Removing Expired Tokens

In the SQL backend expired UUID tokens are not automatically removed. These tokens can be removed with:

$ keystone-manage token_flush

It is recommended to run this command periodically with cron if using UUID tokens.


It it not required to run this command at all if using Fernet tokens.
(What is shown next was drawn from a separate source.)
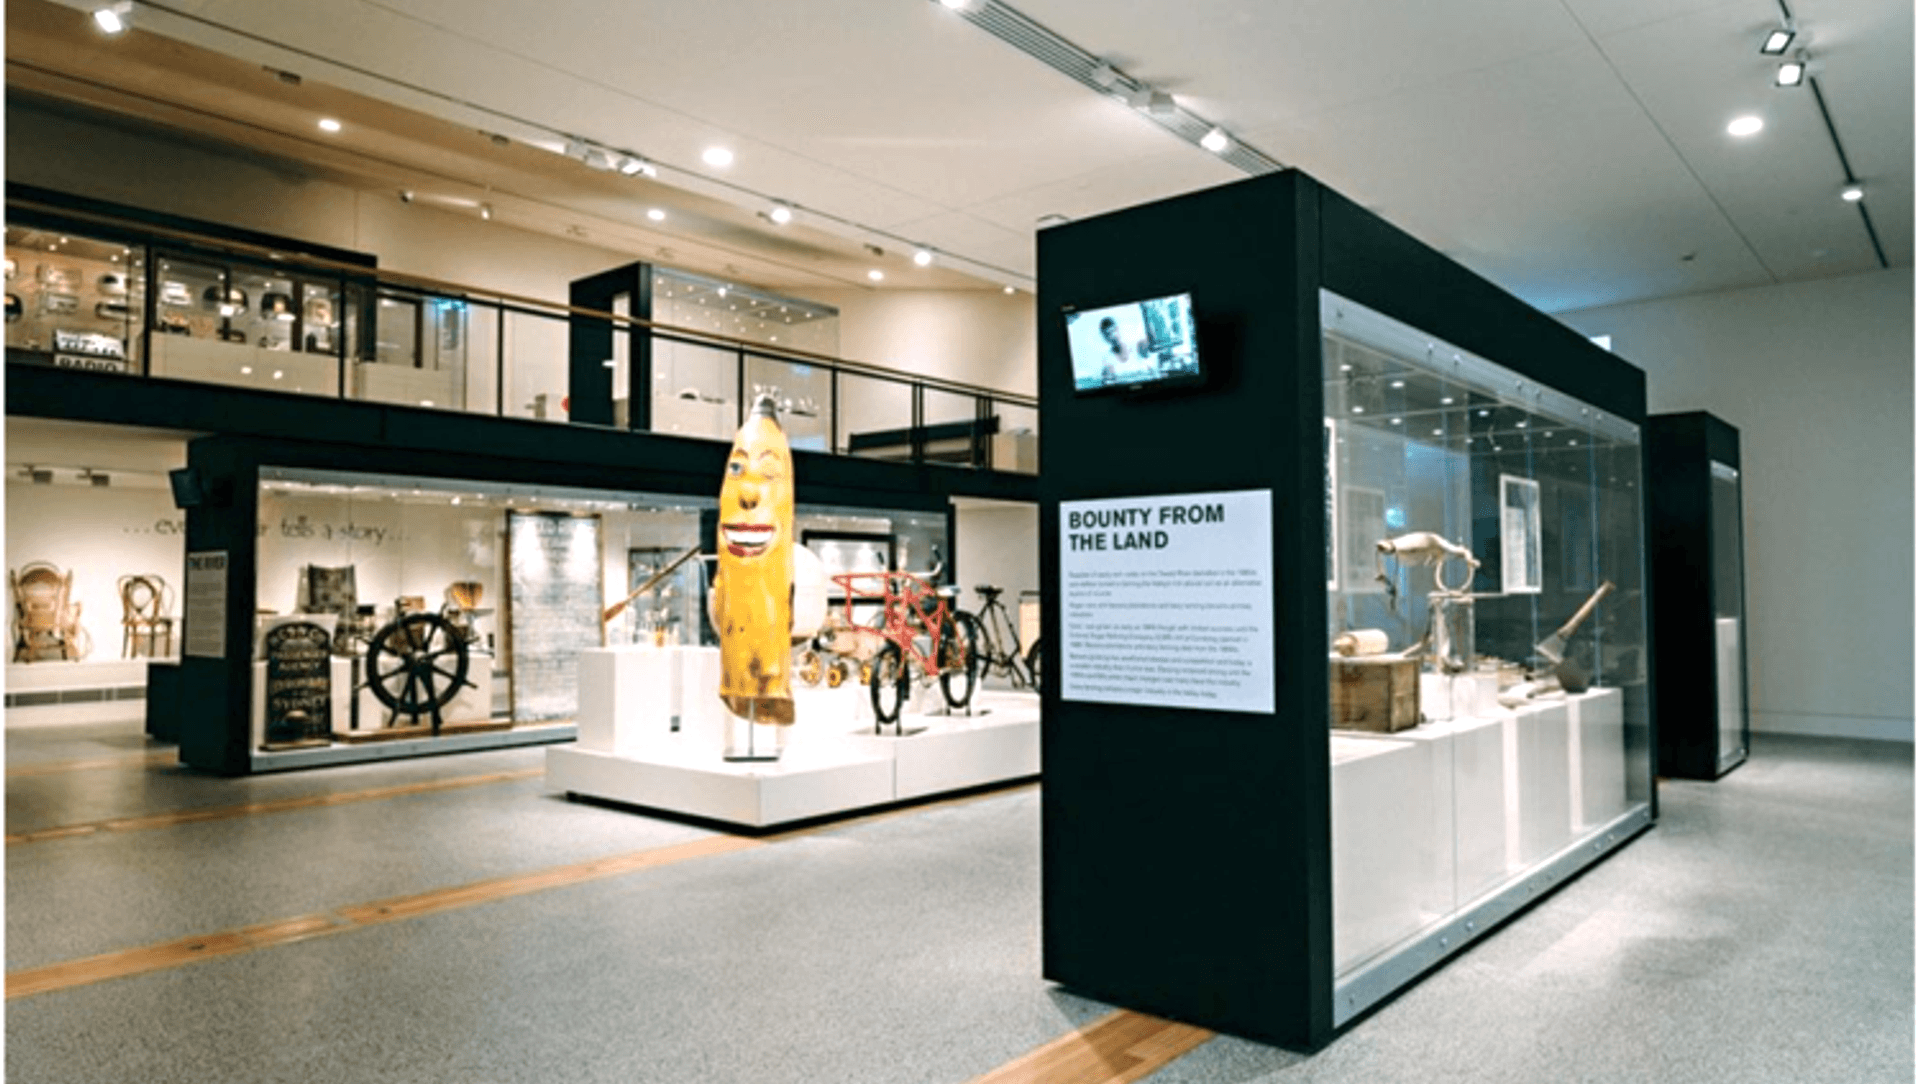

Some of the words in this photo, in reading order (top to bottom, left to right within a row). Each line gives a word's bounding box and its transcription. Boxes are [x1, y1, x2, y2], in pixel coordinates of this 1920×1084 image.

Fernet tokens are not persisted.

Supported clients

There are two supported clients, python-keystoneclient project provides python bindings and python-openstackclient provides a command line interface.

Authenticating with a Password via CLI

To authenticate with keystone using a password and python-openstackclient, set the following flags, note that the following user referenced below should be granted the admin role.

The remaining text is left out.